*WORK REQUEST*. No picture belongs in the copy. Repeat each line below exactly.

DATA EXCERPTS Block Start

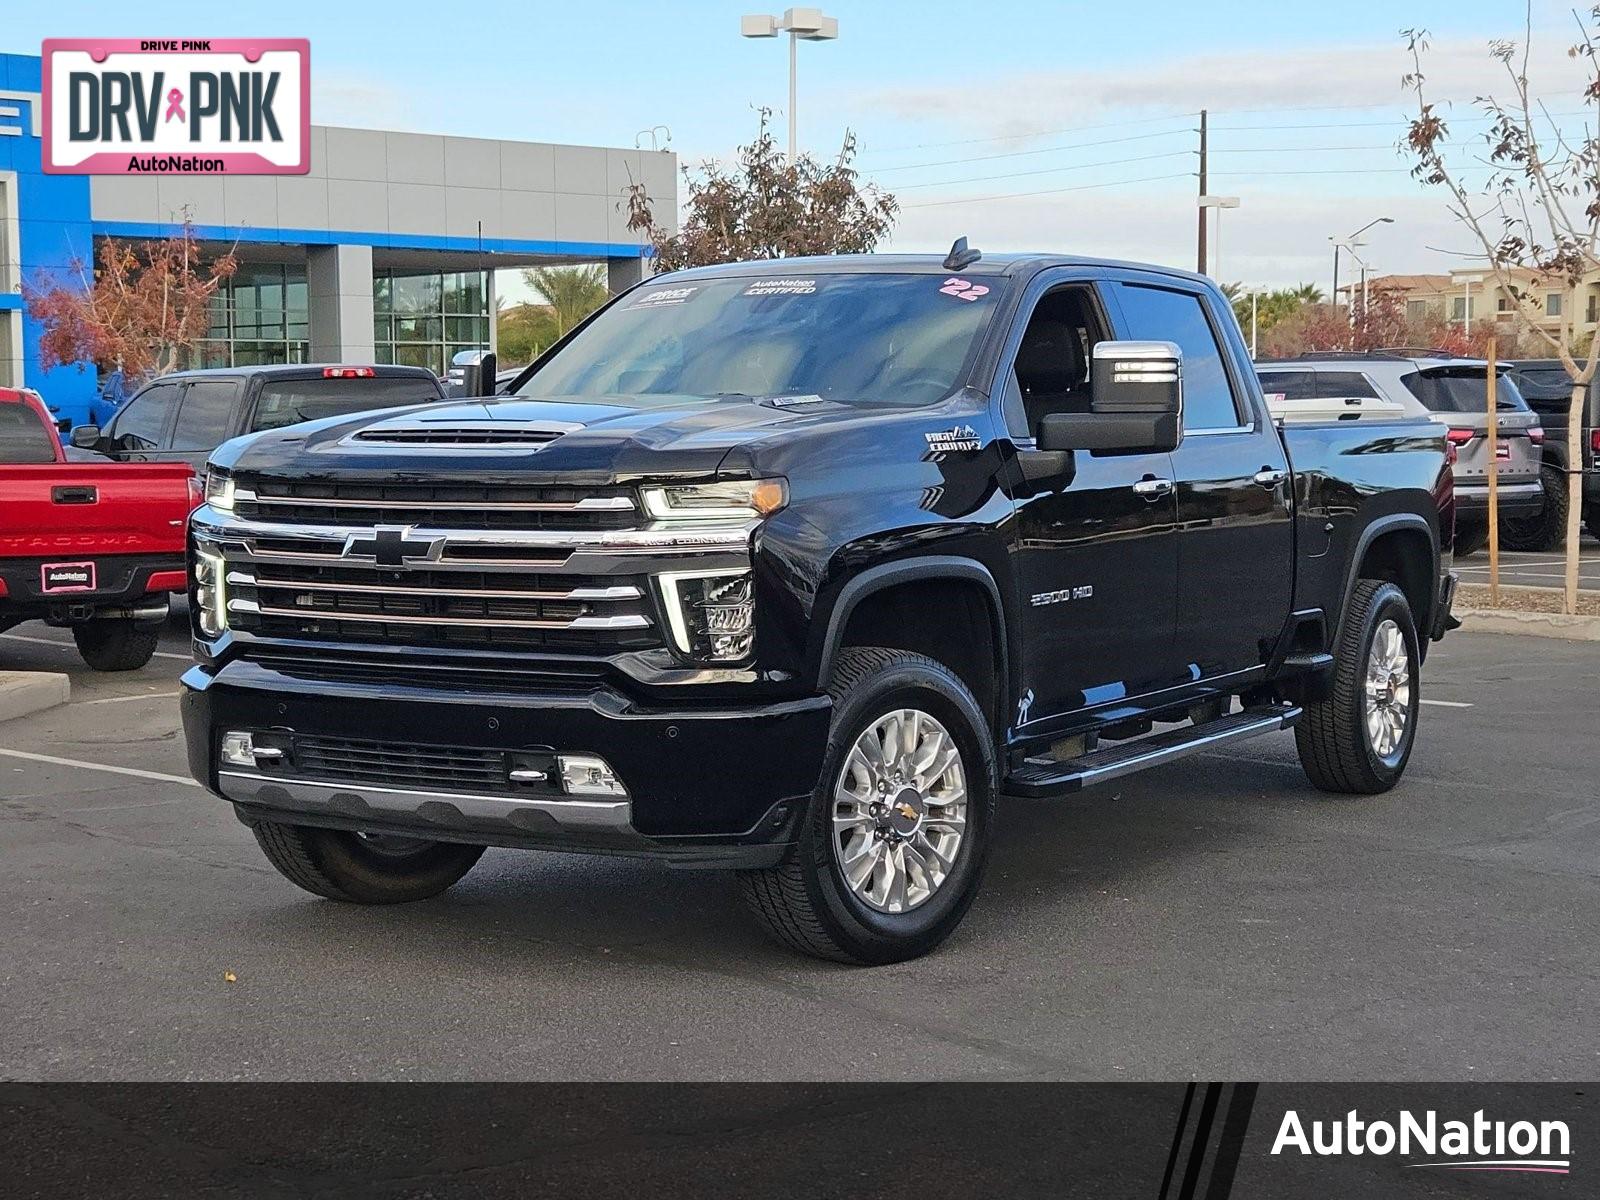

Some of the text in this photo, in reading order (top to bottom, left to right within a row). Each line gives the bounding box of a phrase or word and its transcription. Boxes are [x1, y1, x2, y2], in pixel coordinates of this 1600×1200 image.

[744, 287, 816, 295] CERTIFIED
[925, 432, 955, 442] HIGH
[930, 441, 982, 451] COUNTRY
[3, 536, 142, 547] TACOMA
[1030, 585, 1093, 606] 2500 HD

DATA EXCERPTS Block End

*ANSWER FOR THIS EXERCISE*.
Some of the text in this photo, in reading order (top to bottom, left to right within a row). Each line gives the bounding box of a phrase or word and its transcription. Boxes are [x1, y1, x2, y2], in pixel coordinates of this 1600×1200 image.

[744, 287, 816, 295] CERTIFIED
[925, 432, 955, 442] HIGH
[930, 441, 982, 451] COUNTRY
[3, 536, 142, 547] TACOMA
[1030, 585, 1093, 606] 2500 HD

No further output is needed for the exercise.